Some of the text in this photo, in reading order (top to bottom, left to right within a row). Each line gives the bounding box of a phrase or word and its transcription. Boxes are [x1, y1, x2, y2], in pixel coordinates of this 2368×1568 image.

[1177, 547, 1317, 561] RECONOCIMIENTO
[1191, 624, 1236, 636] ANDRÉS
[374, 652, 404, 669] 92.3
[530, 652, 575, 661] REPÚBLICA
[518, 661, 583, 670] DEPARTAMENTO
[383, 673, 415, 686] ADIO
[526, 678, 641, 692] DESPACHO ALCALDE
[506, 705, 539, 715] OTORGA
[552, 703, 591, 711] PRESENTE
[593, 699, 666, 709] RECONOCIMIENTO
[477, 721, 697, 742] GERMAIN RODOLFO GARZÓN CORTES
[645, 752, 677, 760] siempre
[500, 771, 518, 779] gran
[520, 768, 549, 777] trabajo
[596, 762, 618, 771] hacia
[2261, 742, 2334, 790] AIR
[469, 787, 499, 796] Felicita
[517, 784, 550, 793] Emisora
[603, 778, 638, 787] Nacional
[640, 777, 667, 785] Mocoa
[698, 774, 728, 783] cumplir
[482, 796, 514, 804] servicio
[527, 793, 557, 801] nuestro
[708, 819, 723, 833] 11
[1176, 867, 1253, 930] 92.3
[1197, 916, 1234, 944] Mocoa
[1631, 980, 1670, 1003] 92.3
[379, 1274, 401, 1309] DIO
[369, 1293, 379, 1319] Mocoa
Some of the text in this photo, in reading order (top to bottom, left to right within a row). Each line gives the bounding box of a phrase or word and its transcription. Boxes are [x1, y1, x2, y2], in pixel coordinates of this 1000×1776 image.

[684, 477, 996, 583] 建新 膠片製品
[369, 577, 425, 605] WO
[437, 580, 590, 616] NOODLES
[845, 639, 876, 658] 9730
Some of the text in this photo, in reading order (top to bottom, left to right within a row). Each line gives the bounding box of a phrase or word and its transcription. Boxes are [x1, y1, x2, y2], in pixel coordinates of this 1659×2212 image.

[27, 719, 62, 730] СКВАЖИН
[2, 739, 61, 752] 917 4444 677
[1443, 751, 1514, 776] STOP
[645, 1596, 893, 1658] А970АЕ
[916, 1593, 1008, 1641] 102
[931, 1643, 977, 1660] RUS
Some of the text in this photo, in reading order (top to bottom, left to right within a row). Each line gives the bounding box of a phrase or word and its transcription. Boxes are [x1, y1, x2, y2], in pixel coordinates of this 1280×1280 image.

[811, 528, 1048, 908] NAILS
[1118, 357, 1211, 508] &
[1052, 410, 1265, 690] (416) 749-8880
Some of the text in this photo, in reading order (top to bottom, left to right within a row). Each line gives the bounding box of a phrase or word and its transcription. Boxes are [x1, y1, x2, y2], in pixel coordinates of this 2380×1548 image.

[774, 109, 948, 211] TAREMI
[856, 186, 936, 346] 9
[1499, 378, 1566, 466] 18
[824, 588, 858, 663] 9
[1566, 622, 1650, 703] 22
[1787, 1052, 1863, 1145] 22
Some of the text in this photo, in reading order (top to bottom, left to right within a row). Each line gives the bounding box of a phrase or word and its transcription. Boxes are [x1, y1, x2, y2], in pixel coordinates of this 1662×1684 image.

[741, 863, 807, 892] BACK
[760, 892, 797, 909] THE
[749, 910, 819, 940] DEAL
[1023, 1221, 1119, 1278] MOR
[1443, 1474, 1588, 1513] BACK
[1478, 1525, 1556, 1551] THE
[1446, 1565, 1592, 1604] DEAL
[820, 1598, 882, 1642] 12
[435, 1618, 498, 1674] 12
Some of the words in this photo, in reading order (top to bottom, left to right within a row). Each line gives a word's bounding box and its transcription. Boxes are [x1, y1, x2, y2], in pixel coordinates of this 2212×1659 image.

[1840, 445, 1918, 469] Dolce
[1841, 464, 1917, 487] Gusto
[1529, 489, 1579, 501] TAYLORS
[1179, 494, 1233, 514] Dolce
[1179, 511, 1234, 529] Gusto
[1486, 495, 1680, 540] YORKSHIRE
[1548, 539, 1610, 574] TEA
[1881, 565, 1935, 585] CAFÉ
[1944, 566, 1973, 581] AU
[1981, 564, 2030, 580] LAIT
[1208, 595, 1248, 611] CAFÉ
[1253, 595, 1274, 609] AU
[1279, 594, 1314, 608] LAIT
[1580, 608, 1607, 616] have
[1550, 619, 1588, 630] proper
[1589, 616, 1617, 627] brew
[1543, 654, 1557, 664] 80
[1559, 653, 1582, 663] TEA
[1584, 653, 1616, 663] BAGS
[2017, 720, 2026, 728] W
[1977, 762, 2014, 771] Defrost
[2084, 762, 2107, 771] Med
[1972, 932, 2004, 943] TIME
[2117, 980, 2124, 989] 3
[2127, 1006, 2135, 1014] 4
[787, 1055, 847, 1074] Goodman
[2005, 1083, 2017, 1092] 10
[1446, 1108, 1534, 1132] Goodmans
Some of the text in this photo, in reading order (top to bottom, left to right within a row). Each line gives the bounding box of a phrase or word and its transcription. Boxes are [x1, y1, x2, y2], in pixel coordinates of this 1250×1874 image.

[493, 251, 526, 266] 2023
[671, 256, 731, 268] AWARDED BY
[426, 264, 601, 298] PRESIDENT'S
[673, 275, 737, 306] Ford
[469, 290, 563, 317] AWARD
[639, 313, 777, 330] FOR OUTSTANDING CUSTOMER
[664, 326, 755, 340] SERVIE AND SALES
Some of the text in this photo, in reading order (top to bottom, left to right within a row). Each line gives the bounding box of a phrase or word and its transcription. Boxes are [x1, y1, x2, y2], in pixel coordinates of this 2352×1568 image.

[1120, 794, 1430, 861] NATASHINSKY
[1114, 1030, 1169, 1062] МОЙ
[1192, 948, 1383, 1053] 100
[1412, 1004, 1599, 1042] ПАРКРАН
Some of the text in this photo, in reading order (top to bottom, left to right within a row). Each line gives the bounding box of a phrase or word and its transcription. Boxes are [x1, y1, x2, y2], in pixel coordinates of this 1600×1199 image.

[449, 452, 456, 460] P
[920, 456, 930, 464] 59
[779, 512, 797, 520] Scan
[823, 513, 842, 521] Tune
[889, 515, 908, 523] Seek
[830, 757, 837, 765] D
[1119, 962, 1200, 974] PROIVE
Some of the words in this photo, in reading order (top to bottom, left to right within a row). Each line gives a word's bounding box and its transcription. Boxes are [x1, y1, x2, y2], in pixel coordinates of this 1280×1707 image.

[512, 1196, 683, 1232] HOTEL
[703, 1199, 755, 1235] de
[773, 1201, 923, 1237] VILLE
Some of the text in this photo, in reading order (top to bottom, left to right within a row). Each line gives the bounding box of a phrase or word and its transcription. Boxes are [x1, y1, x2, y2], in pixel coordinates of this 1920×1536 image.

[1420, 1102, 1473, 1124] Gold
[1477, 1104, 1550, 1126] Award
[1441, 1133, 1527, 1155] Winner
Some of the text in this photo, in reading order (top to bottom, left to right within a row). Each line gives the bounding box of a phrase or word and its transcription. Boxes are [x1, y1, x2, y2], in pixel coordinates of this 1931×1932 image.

□ □ □ □ □ □ □

### TASK
All records above must be returned exactly as they appear.

### EXERCISE RESULT
Some of the text in this photo, in reading order (top to bottom, left to right within a row). Each line gives the bounding box of a phrase or word and its transcription. Boxes are [x1, y1, x2, y2], in pixel coordinates of this 2368×1568 image.

[1177, 547, 1317, 561] RECONOCIMIENTO
[1191, 624, 1236, 636] ANDRÉS
[374, 652, 404, 669] 92.3
[530, 652, 575, 661] REPÚBLICA
[518, 661, 583, 670] DEPARTAMENTO
[383, 673, 415, 686] ADIO
[526, 678, 641, 692] DESPACHO ALCALDE
[506, 705, 539, 715] OTORGA
[552, 703, 591, 711] PRESENTE
[593, 699, 666, 709] RECONOCIMIENTO
[477, 721, 697, 742] GERMAIN RODOLFO GARZÓN CORTES
[645, 752, 677, 760] siempre
[500, 771, 518, 779] gran
[520, 768, 549, 777] trabajo
[596, 762, 618, 771] hacia
[2261, 742, 2334, 790] AIR
[469, 787, 499, 796] Felicita
[517, 784, 550, 793] Emisora
[603, 778, 638, 787] Nacional
[640, 777, 667, 785] Mocoa
[698, 774, 728, 783] cumplir
[482, 796, 514, 804] servicio
[527, 793, 557, 801] nuestro
[708, 819, 723, 833] 11
[1176, 867, 1253, 930] 92.3
[1197, 916, 1234, 944] Mocoa
[1631, 980, 1670, 1003] 92.3
[379, 1274, 401, 1309] DIO
[369, 1293, 379, 1319] Mocoa
Some of the text in this photo, in reading order (top to bottom, left to right within a row). Each line gives the bounding box of a phrase or word and its transcription. Boxes are [x1, y1, x2, y2], in pixel coordinates of this 1000×1776 image.

[684, 477, 996, 583] 建新 膠片製品
[369, 577, 425, 605] WO
[437, 580, 590, 616] NOODLES
[845, 639, 876, 658] 9730
Some of the text in this photo, in reading order (top to bottom, left to right within a row). Each line gives the bounding box of a phrase or word and its transcription. Boxes are [x1, y1, x2, y2], in pixel coordinates of this 1659×2212 image.

[27, 719, 62, 730] СКВАЖИН
[2, 739, 61, 752] 917 4444 677
[1443, 751, 1514, 776] STOP
[645, 1596, 893, 1658] А970АЕ
[916, 1593, 1008, 1641] 102
[931, 1643, 977, 1660] RUS
Some of the text in this photo, in reading order (top to bottom, left to right within a row). Each line gives the bounding box of a phrase or word and its transcription. Boxes are [x1, y1, x2, y2], in pixel coordinates of this 1280×1280 image.

[811, 528, 1048, 908] NAILS
[1118, 357, 1211, 508] &
[1052, 410, 1265, 690] (416) 749-8880
Some of the text in this photo, in reading order (top to bottom, left to right within a row). Each line gives the bounding box of a phrase or word and its transcription. Boxes are [x1, y1, x2, y2], in pixel coordinates of this 2380×1548 image.

[774, 109, 948, 211] TAREMI
[856, 186, 936, 346] 9
[1499, 378, 1566, 466] 18
[824, 588, 858, 663] 9
[1566, 622, 1650, 703] 22
[1787, 1052, 1863, 1145] 22
Some of the text in this photo, in reading order (top to bottom, left to right within a row). Each line gives the bounding box of a phrase or word and its transcription. Boxes are [x1, y1, x2, y2], in pixel coordinates of this 1662×1684 image.

[741, 863, 807, 892] BACK
[760, 892, 797, 909] THE
[749, 910, 819, 940] DEAL
[1023, 1221, 1119, 1278] MOR
[1443, 1474, 1588, 1513] BACK
[1478, 1525, 1556, 1551] THE
[1446, 1565, 1592, 1604] DEAL
[820, 1598, 882, 1642] 12
[435, 1618, 498, 1674] 12
Some of the words in this photo, in reading order (top to bottom, left to right within a row). Each line gives a word's bounding box and its transcription. Boxes are [x1, y1, x2, y2], in pixel coordinates of this 2212×1659 image.

[1840, 445, 1918, 469] Dolce
[1841, 464, 1917, 487] Gusto
[1529, 489, 1579, 501] TAYLORS
[1179, 494, 1233, 514] Dolce
[1179, 511, 1234, 529] Gusto
[1486, 495, 1680, 540] YORKSHIRE
[1548, 539, 1610, 574] TEA
[1881, 565, 1935, 585] CAFÉ
[1944, 566, 1973, 581] AU
[1981, 564, 2030, 580] LAIT
[1208, 595, 1248, 611] CAFÉ
[1253, 595, 1274, 609] AU
[1279, 594, 1314, 608] LAIT
[1580, 608, 1607, 616] have
[1550, 619, 1588, 630] proper
[1589, 616, 1617, 627] brew
[1543, 654, 1557, 664] 80
[1559, 653, 1582, 663] TEA
[1584, 653, 1616, 663] BAGS
[2017, 720, 2026, 728] W
[1977, 762, 2014, 771] Defrost
[2084, 762, 2107, 771] Med
[1972, 932, 2004, 943] TIME
[2117, 980, 2124, 989] 3
[2127, 1006, 2135, 1014] 4
[787, 1055, 847, 1074] Goodman
[2005, 1083, 2017, 1092] 10
[1446, 1108, 1534, 1132] Goodmans
Some of the text in this photo, in reading order (top to bottom, left to right within a row). Each line gives the bounding box of a phrase or word and its transcription. Boxes are [x1, y1, x2, y2], in pixel coordinates of this 1250×1874 image.

[493, 251, 526, 266] 2023
[671, 256, 731, 268] AWARDED BY
[426, 264, 601, 298] PRESIDENT'S
[673, 275, 737, 306] Ford
[469, 290, 563, 317] AWARD
[639, 313, 777, 330] FOR OUTSTANDING CUSTOMER
[664, 326, 755, 340] SERVIE AND SALES
Some of the text in this photo, in reading order (top to bottom, left to right within a row). Each line gives the bounding box of a phrase or word and its transcription. Boxes are [x1, y1, x2, y2], in pixel coordinates of this 2352×1568 image.

[1120, 794, 1430, 861] NATASHINSKY
[1114, 1030, 1169, 1062] МОЙ
[1192, 948, 1383, 1053] 100
[1412, 1004, 1599, 1042] ПАРКРАН
Some of the text in this photo, in reading order (top to bottom, left to right within a row). Each line gives the bounding box of a phrase or word and its transcription. Boxes are [x1, y1, x2, y2], in pixel coordinates of this 1600×1199 image.

[449, 452, 456, 460] P
[920, 456, 930, 464] 59
[779, 512, 797, 520] Scan
[823, 513, 842, 521] Tune
[889, 515, 908, 523] Seek
[830, 757, 837, 765] D
[1119, 962, 1200, 974] PROIVE
Some of the words in this photo, in reading order (top to bottom, left to right within a row). Each line gives a word's bounding box and its transcription. Boxes are [x1, y1, x2, y2], in pixel coordinates of this 1280×1707 image.

[512, 1196, 683, 1232] HOTEL
[703, 1199, 755, 1235] de
[773, 1201, 923, 1237] VILLE
Some of the text in this photo, in reading order (top to bottom, left to right within a row). Each line gives the bounding box of a phrase or word and its transcription. Boxes are [x1, y1, x2, y2], in pixel coordinates of this 1920×1536 image.

[1420, 1102, 1473, 1124] Gold
[1477, 1104, 1550, 1126] Award
[1441, 1133, 1527, 1155] Winner
Some of the text in this photo, in reading order (top to bottom, left to right within a row). Each line gives the bounding box of a phrase or word and its transcription. Boxes are [x1, y1, x2, y2], in pixel coordinates of this 1931×1932 image.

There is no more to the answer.